To be sure, the bacchanal of grievance and hatred on January 6, 2021 exposed the clear and present danger that Donald Trump represents. The mob made concrete the threat of white nationalism to the nation. President-elect Joe Biden, Speaker Nancy Pelosi, and others are right to demand that all of those involved in the insurrection and those who incited it should be held to account.
But I have to say, and America’s history is my witness, that impeaching Donald Trump or invoking the 25th amendment will not get us very far. Nor will prosecuting those who sacked the Capitol address what I saw on January 6th. Both should happen, mind you, but they should be understood as just a beginning of sorts. The expression of that different quality of citizenship by the mob and their treatment by the police—the form of dissent with impunity and without fear of consequence—is rooted in the belief that this country is theirs alone and that only their votes count. (One can imagine this thinking shaped Trump’s conclusion that he won by a landslide. He did among white voters.) In order to uproot this sentiment, which has haunted the nation since its birth, we have to do something much more dramatic and sustained than getting rid of Donald Trump, democratizing who we call “thugs,” and prosecuting the criminals who threatened the Republic.
What then ought we to do after this?
In January 1871, Congress held hearings and took testimonies about the atrocities of the Ku Klux Klan throughout the south. Reading the transcripts is a horrifying endeavor. The level of cruelty and barbarity in response to black people exercising the right to vote astonishes the reader. But what becomes immediately clear is that Congress had decided that enough was enough. They aimed to destroy the KKK, and with the passage of The Enforcement Acts, which aimed to protect Black people as citizens from white violence, they succeeded for a time. Of course, the nation’s betrayal of radical Reconstruction and its assent to the “Lost Cause” occasioned the return of the Klan and the horrors of the world that sanctioned their existence. But, for a moment, they proved that, in fact, America could be otherwise.
I believe in January 2021 Congress should hold hearings, covered live on cable news, about the threat of white nationalism to this country.
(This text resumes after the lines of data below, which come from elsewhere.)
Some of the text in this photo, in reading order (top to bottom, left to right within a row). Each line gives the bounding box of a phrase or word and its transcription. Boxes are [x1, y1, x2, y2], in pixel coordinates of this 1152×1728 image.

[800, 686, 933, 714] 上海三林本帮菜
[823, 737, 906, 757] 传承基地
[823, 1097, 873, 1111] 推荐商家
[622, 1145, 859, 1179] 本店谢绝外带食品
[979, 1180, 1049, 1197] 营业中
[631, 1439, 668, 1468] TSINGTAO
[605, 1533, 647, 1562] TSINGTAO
These hearings should expose the workings of white supremacy groups, create the conditions for the eradication of organizations like the Proud Boys, and lay the groundwork for legislation that will, once and for all, banish these groups from the body politic. America can no longer afford to coddle these organizations and the people who join them. Political parties and politicians can no longer seek to leverage their resentment and hatreds for their own political gain. I know this will be difficult, because many of these people are your loved ones. We treat them with the gentleness of the officer who helped the white woman down the Capitol steps. But we have to finally put to rest the politics of white resentment that has fueled so much of American life, especially since the mid-twentieth century. The attack on the Capitol showed us what awaits if we don’t.
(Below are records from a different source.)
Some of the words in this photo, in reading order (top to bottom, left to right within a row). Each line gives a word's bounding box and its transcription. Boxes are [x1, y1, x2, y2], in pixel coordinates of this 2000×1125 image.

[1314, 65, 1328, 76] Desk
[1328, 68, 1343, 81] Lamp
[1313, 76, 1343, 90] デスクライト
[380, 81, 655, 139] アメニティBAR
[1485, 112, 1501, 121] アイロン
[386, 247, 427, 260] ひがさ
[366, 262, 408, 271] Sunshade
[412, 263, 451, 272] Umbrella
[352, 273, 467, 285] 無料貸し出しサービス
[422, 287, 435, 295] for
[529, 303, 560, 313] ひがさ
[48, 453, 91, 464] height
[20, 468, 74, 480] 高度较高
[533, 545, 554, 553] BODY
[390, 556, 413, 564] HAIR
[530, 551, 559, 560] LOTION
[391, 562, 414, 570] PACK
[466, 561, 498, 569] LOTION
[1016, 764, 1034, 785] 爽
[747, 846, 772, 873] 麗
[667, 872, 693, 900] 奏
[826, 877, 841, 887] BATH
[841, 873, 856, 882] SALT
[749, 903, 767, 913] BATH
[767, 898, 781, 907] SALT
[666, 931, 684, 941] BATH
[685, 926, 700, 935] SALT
President-elect Biden should direct his Attorney General nominee Merrick Garland to develop a detailed plan to rid the nation of these groups. That will involve a widespread investigation of the scope and extent of the penetration of white supremacists into law enforcement throughout the country and a plan to purge police departments of these elements. I suspect the failure of the Capitol police may be, in part, that some agreed with the mob and that they did not perceive them as a threat.
In the end, we cannot respond lightly to what has just happened in this country. And we cannot place the blame solely on a small number of rogue individuals, a few power-hungry members of Congress, and on the obvious madness of the President. America faces a crisis that has its roots in what caused the Civil War and what led us to turn our backs on the promise of the Civil Rights Movement. We have never really faced those demons. Our response has been to tinker around the edges, hide our faces beneath the covers when the darkness descends, and continue to make money no matter the costs. Herman Melville comes to mind: “But not yet have we solved the incantation of this whiteness, and learned why it appeals with such power to the soul.”
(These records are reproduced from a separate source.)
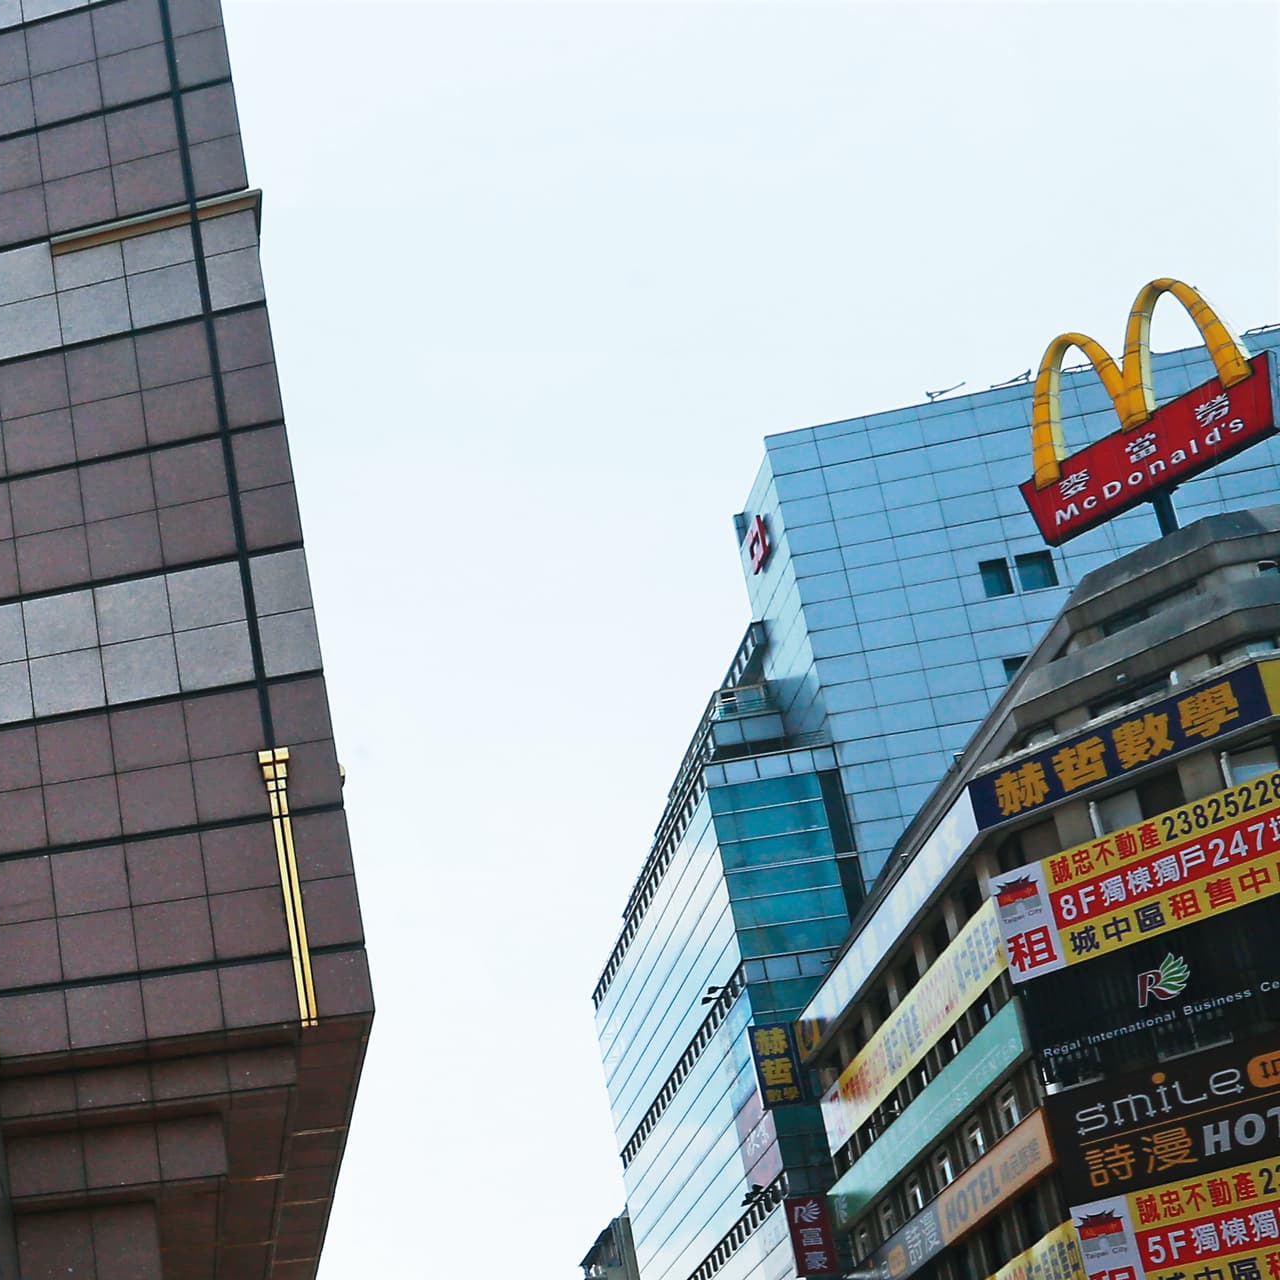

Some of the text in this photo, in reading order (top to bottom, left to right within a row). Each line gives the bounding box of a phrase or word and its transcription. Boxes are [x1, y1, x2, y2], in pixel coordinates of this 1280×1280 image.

[1054, 417, 1245, 526] McDonald's
[1058, 392, 1231, 500] 麥當勞
[994, 681, 1240, 817] 赫哲數學
[1050, 773, 1280, 885] 誠忠不動產 23825228
[1070, 863, 1280, 955] 城中區租售中
[1007, 925, 1057, 974] 租
[753, 1027, 793, 1086] 赫哲
[1043, 1039, 1081, 1059] Regal
[1088, 1010, 1177, 1046] International
[1183, 988, 1252, 1016] Business
[1085, 1126, 1199, 1187] 詩漫
[1136, 1172, 1258, 1225] 誠忠不動產
[802, 1227, 831, 1271] 富豪
[1148, 1207, 1280, 1264] 5F獨棟獨
Politicians must step up, but they will inevitably disappoint. We have to act, too. Americans will have to do the hard work of living our way through this crisis and learning how to trust one another. That will involve close to the ground civic action, holding each other accountable—especially in our own families—and tending to the needs of our neighbors, and declaring, once and for all, that no one can claim this place as uniquely their own.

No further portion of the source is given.